PROVIDED RECORDS:
# # # #

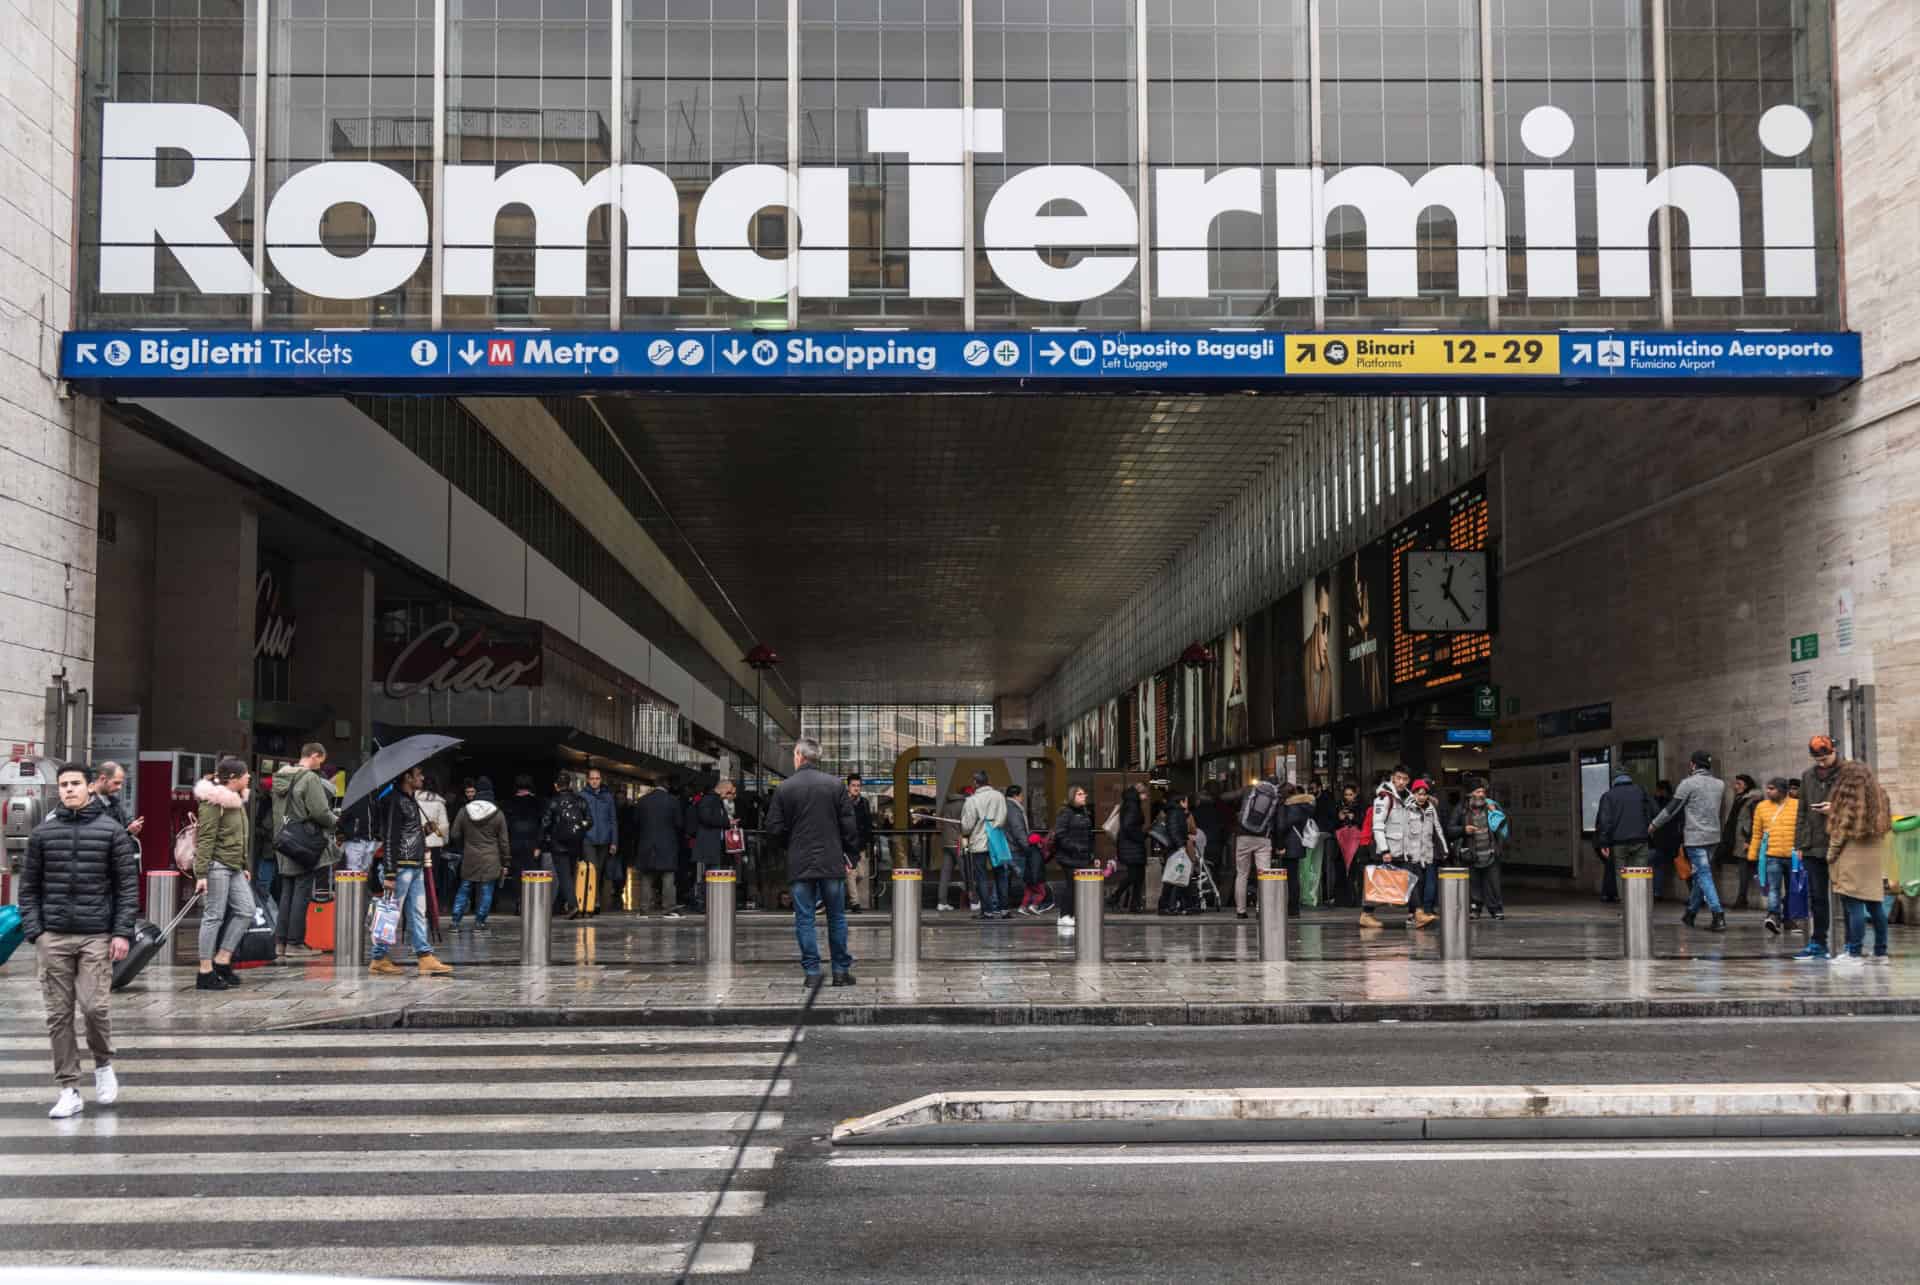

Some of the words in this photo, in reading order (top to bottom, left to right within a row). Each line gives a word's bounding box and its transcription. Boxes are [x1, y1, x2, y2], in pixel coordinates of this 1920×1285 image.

[141, 339, 262, 370] Biglietti
[271, 340, 353, 365] Tickets
[523, 341, 619, 365] Metro
[787, 340, 936, 370] Shopping
[1102, 340, 1191, 359] Deposito
[1197, 339, 1274, 360] Bagagli
[1356, 340, 1415, 355] Binari
[1630, 340, 1723, 357] Fiumicino
[1728, 341, 1833, 360] Aeroporto
[1102, 359, 1124, 369] Left
[1126, 359, 1168, 372] Luggage
[1356, 358, 1402, 369] Platforms
[1631, 358, 1678, 369] Fiumicino
[1680, 358, 1715, 371] Airport
[384, 621, 540, 700] Ciao

# # # #

WHAT YOU WILL DO:
Return each line above exactly; any pictures are to be skipped.

ANSWER FOR THE TASK:
Some of the words in this photo, in reading order (top to bottom, left to right within a row). Each line gives a word's bounding box and its transcription. Boxes are [x1, y1, x2, y2], in pixel coordinates of this 1920×1285 image.

[141, 339, 262, 370] Biglietti
[271, 340, 353, 365] Tickets
[523, 341, 619, 365] Metro
[787, 340, 936, 370] Shopping
[1102, 340, 1191, 359] Deposito
[1197, 339, 1274, 360] Bagagli
[1356, 340, 1415, 355] Binari
[1630, 340, 1723, 357] Fiumicino
[1728, 341, 1833, 360] Aeroporto
[1102, 359, 1124, 369] Left
[1126, 359, 1168, 372] Luggage
[1356, 358, 1402, 369] Platforms
[1631, 358, 1678, 369] Fiumicino
[1680, 358, 1715, 371] Airport
[384, 621, 540, 700] Ciao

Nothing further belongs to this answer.